Prompt:
Please reproduce every record exactly as written, leaving out the pictures.

Data in this exercise:
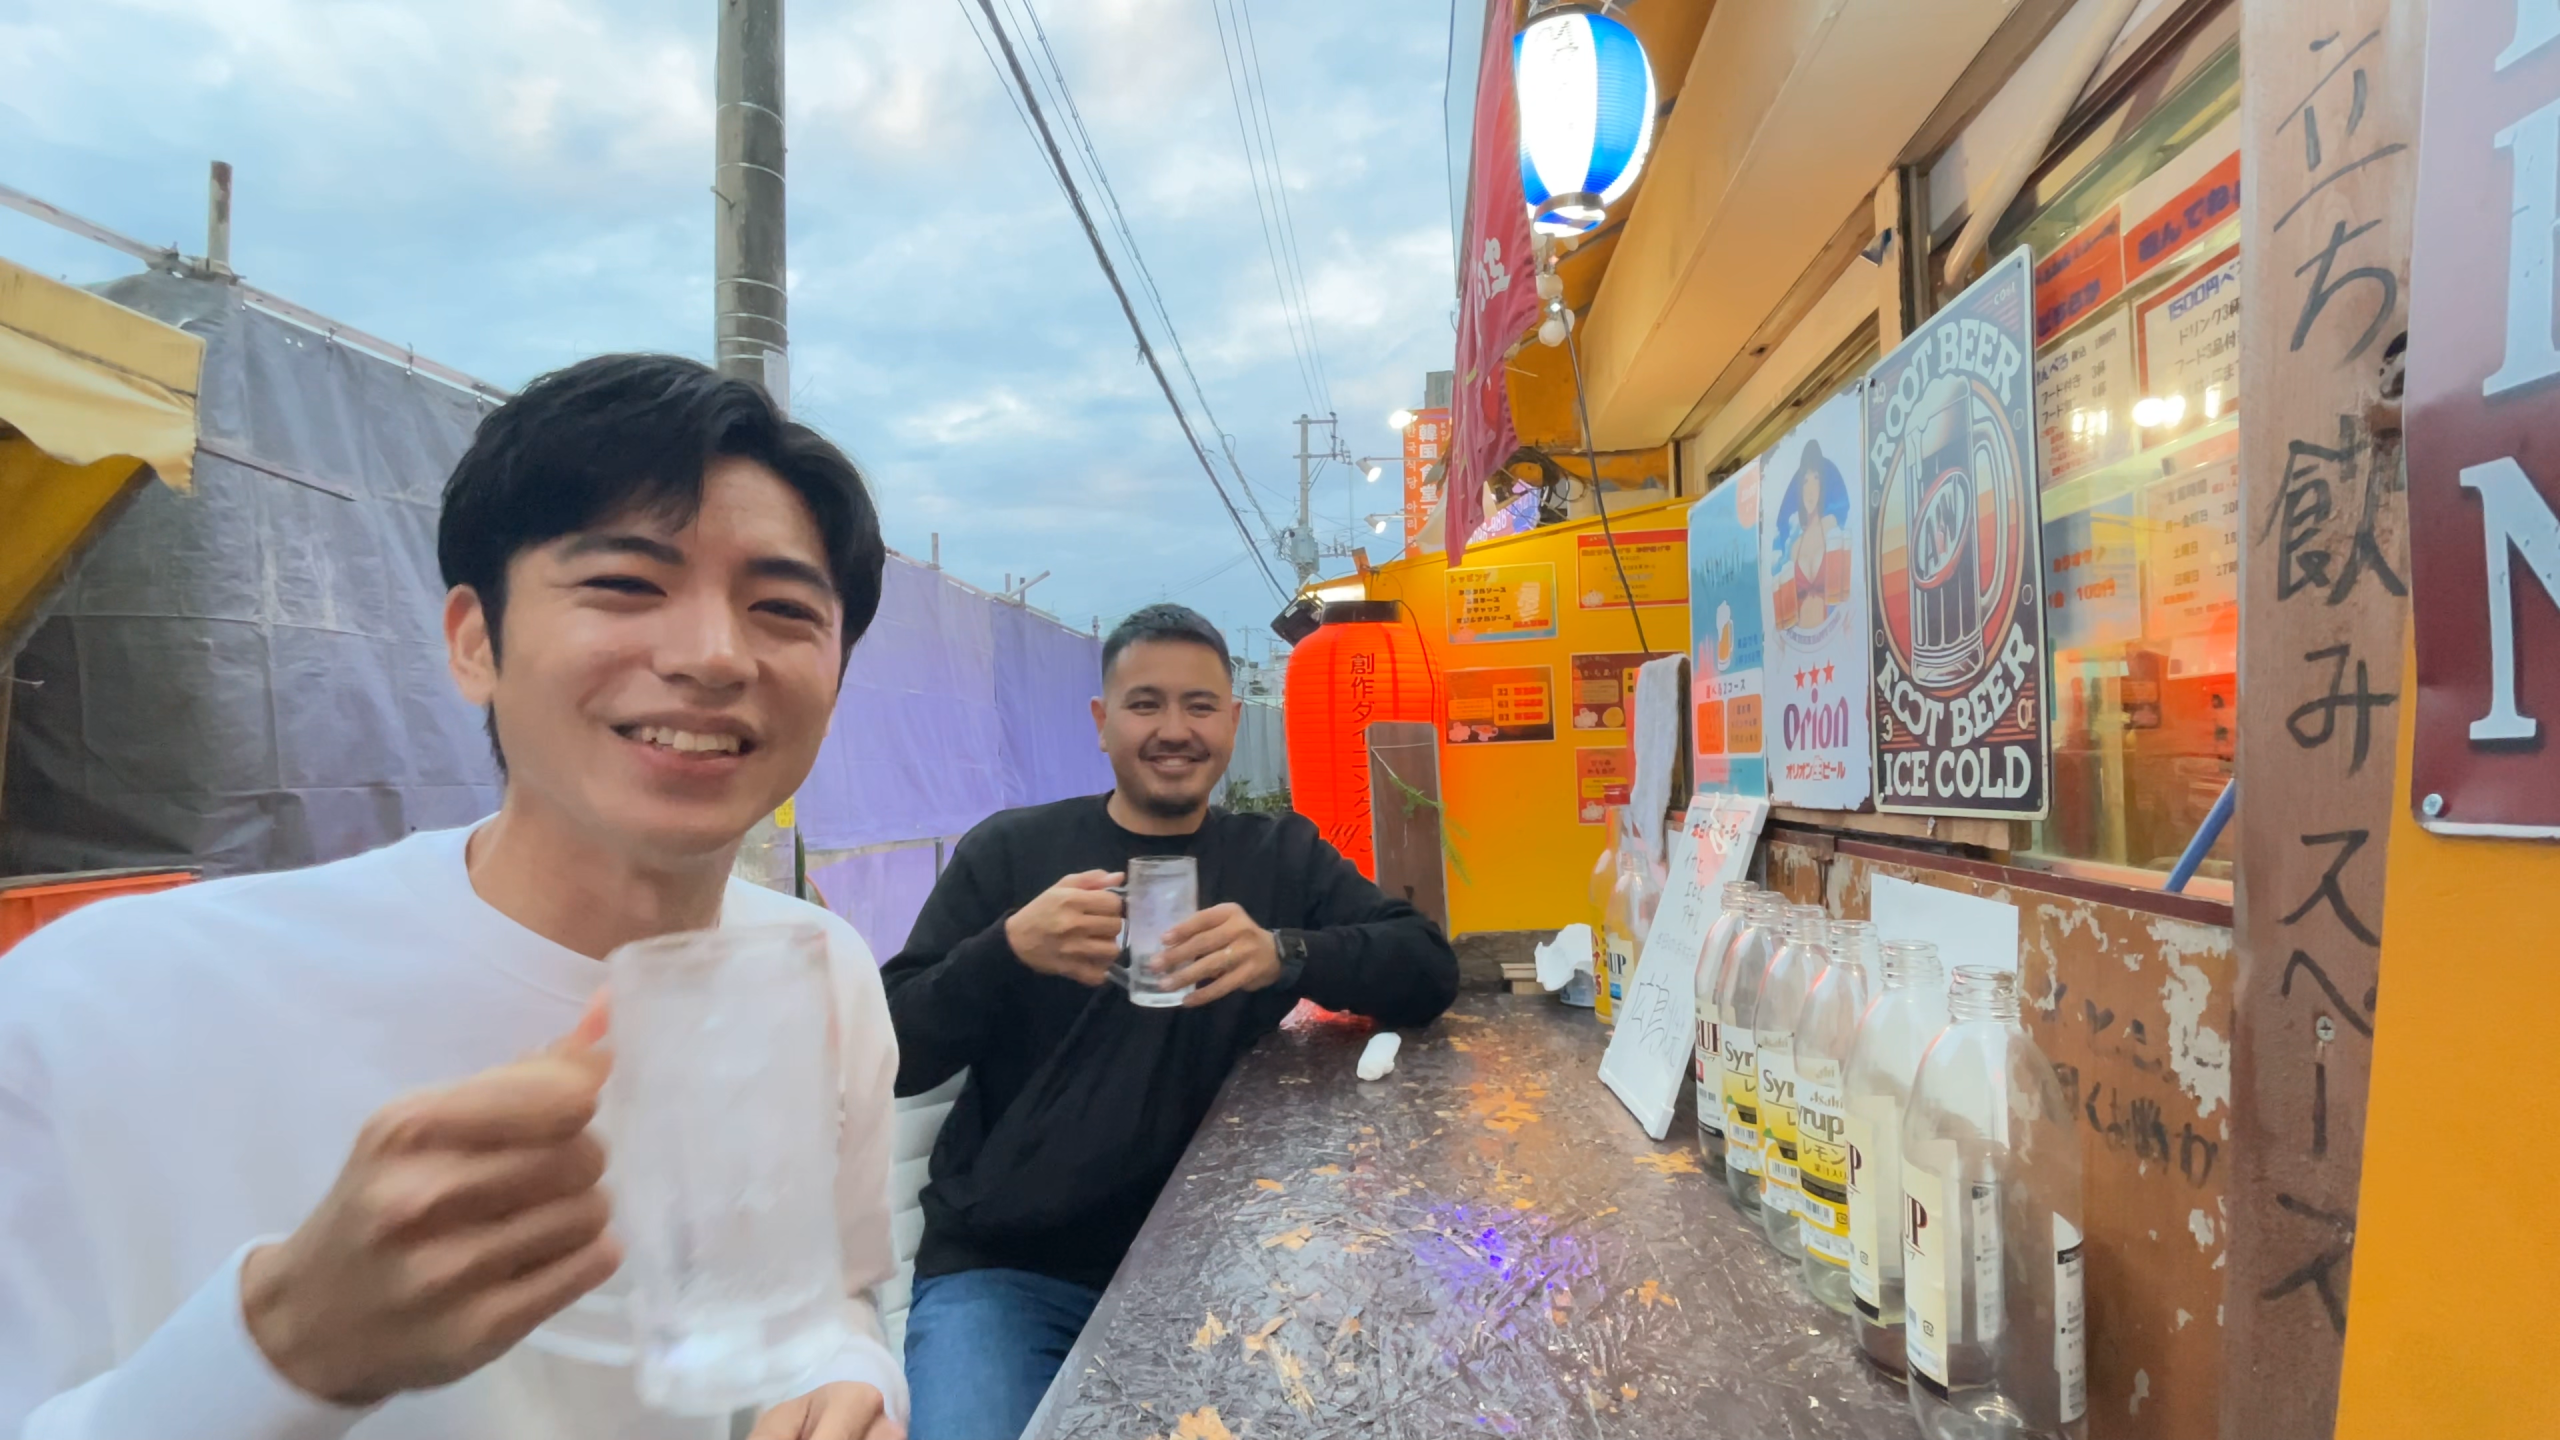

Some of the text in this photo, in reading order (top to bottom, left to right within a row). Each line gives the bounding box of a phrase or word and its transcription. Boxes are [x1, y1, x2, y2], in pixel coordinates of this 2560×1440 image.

[1870, 336, 1933, 485] ROOT
[1937, 319, 2022, 406] BEER
[1783, 687, 1850, 752] Orion
[1950, 622, 2036, 748] BEER
[2256, 30, 2408, 1336] 立ち飲みスペース
[1884, 745, 2032, 798] ICE COLD
[1802, 1137, 1847, 1166] レモン

Solution to this problem:
Some of the text in this photo, in reading order (top to bottom, left to right within a row). Each line gives the bounding box of a phrase or word and its transcription. Boxes are [x1, y1, x2, y2], in pixel coordinates of this 2560×1440 image.

[1870, 336, 1933, 485] ROOT
[1937, 319, 2022, 406] BEER
[1783, 687, 1850, 752] Orion
[1950, 622, 2036, 748] BEER
[2256, 30, 2408, 1336] 立ち飲みスペース
[1884, 745, 2032, 798] ICE COLD
[1802, 1137, 1847, 1166] レモン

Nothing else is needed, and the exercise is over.